Но так как он был первым немцем, с которым мне когда-либо привелось разговаривать, да еще антифашистом, то наша беседа не оборвалась вследствие ее сдержанности, но лишь сместилась, соскользнула с доброй испанской войны к худому германскому миру. Тут мой новый знакомый оказался несравнимо словоохотливее, и я засыпал его вопросами. Мне необходимо было разрешить с его помощью кучу накопившихся недоумений, распутать все, что, на мой взгляд, никак и ни с чем не вязалось, и я прямо-таки насел на него, требуя, чтобы в конце концов мне толком [147] объяснили, и по возможности без обязательных ссылок на инфляцию и Версальский договор, а также и без Фрейда, какими же сверхъестественными средствами этот, не умеющий ни прилично писать, ни логически мыслить, взбудораженный маньяк смог за каких-нибудь три года увлечь за собой и окончательно свести с ума прославившийся своей рассудительностью и уравновешенностью цивилизованнейший народ, уж не магической ли силой вертящегося браминского креста, неисповедимыми путями замешавшегося во всю сию нибелунговскую затею и даже ни с того ни с сего впершегося в германский государственный герб, сумел Гитлер добиться столь сокрушительной победы на выборах?.. Не преминул я задать и каверзный вопрос, почему все же не проникают из Германии сколько-нибудь достоверные сведения о массовом сопротивлении фашизму со стороны рабочего класса и куда, в частности, подевались те тринадцать миллионов совершеннолетних граждан, которые еще так недавно голосовали кто за социал-демократическую партию, кто за коммунистическую, но во всяком случае против фюрера?

И как ни странно, а худенький немецкий мальчик, уже успевший повоевать, нашел в ответ собственные незатасканные слова, произнесенные с настолько искренней интонацией, что они импонировали мне больше множества других, принадлежавших авторитетам.

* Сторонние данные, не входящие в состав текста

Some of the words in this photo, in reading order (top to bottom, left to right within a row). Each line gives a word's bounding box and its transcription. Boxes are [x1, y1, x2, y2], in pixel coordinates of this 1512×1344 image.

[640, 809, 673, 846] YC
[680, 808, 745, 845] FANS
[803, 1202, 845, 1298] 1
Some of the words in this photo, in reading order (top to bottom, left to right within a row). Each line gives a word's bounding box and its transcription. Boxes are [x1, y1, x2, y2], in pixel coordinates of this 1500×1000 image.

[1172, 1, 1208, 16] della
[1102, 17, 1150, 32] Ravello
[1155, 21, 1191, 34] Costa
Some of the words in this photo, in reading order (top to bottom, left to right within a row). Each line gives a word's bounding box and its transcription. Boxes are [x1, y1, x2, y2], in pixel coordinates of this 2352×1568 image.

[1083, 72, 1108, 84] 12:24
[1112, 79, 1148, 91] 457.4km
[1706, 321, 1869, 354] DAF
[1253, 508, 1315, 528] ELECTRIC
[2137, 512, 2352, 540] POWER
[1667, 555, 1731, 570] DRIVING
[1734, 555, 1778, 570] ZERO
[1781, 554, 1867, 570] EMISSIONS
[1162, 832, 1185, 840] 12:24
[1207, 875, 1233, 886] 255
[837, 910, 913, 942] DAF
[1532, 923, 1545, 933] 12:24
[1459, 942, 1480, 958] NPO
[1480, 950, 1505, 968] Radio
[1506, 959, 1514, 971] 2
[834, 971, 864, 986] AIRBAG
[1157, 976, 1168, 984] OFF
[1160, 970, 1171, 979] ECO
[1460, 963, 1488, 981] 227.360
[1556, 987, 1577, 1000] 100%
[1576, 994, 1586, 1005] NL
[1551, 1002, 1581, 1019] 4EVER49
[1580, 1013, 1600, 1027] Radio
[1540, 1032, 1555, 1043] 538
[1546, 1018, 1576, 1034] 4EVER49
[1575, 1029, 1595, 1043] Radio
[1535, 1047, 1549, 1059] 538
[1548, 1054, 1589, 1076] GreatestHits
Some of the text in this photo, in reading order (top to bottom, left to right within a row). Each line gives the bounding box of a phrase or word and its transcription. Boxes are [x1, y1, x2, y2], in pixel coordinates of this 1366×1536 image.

Он возразил, например, что немцев совершенно напрасно считают рассудительными и уравновешенными. Вот французы, те действительно рассудительны, а об англичанах без натяжки можно сказать, что они люди уравновешенные, но никак не о немцах. Главное, по его мнению, чем взял Гитлер, — отвратительным потаканием «нашему гипертрофированному, носящему почти патологический характер национализму», потом — умением внушать страх и пользоваться этим страхом, да еще поддержкой могущественного союзника, каким была ненависть и презрение коммунистов к социалистам. Усмехнувшись, он сослался на самого себя и признался, что к своему собственному отцу, матерому социал-демократу, он, будучи членом Союза коммунистической молодежи, относился «хуже, чем к Гинденбургу». Даже на избитый, хотя и немаловажный вопрос, что произойдет, если Гитлер объявит мобилизацию против СССР, молоденький тельмановец ответил не по-газетному:

— Что произойдет? Ничего. Война произойдет. И лучше не надеяться на чудо, вроде предсказанного одной нашей [148] изданной в Париже брошюрой, где сказано, что сразу же за всеобщей мобилизацией в Германии начнется всеобщая революция. Глупости. Догматизм кабинетного политика. Может быть, без особой радости, но сначала все пойдут. Не забудь, что, когда Гитлер снял штаны и нагадил на Версальский договор, в восторг пришли все немцы за очень малым исключением. Исключение составляли лишь самые умные да еще самые верные.

— То есть коммунисты?

— Самые верные из коммунистов и самые умные из всех остальных. Пойми. Гитлер первый в истории выполнил кое-что из обещанного перед выборами. При нем кончилась безработица, пусть за счет военных заказов, но кончилась. Это очень многих соблазнило. Взять хотя бы моего младшего брата. С окончания школы он всегда был безработным и состоял, понятно, в одной со мной молодежной ячейке, а сейчас у него есть работа, и он вступил в Гитлер-югенд. Наш отец в концентрационном лагере, я бежал во Францию, а он марширует и «Хорста Весселя» орет. Нет, не верь никому, кто станет доказывать, что немцы не пойдут за Гитлером и не будут воевать. Будут.

— Печально.

— Скорее страшно. И стыдно.

Мы помолчали.

— А вот долго ли они согласятся воевать, это другое дело. Мне кажется — не долго. Теперь я по себе знаю, как хорошо думается в окопах. Уверен, что мой брат и миллионы таких, как он, проведут месяц-другой в позиционной войне, поерзают под артиллерийским обстрелом, испытают на своей шкуре удары советской авиации и задумаются о том, кто послал их воевать с русскими и кому это выгодно, а там понемножку начнут вспоминать, чему их отцы и старшие братья учили. Дойдут до того, что припомнят и предупреждение Димитрова: фашизм — это война...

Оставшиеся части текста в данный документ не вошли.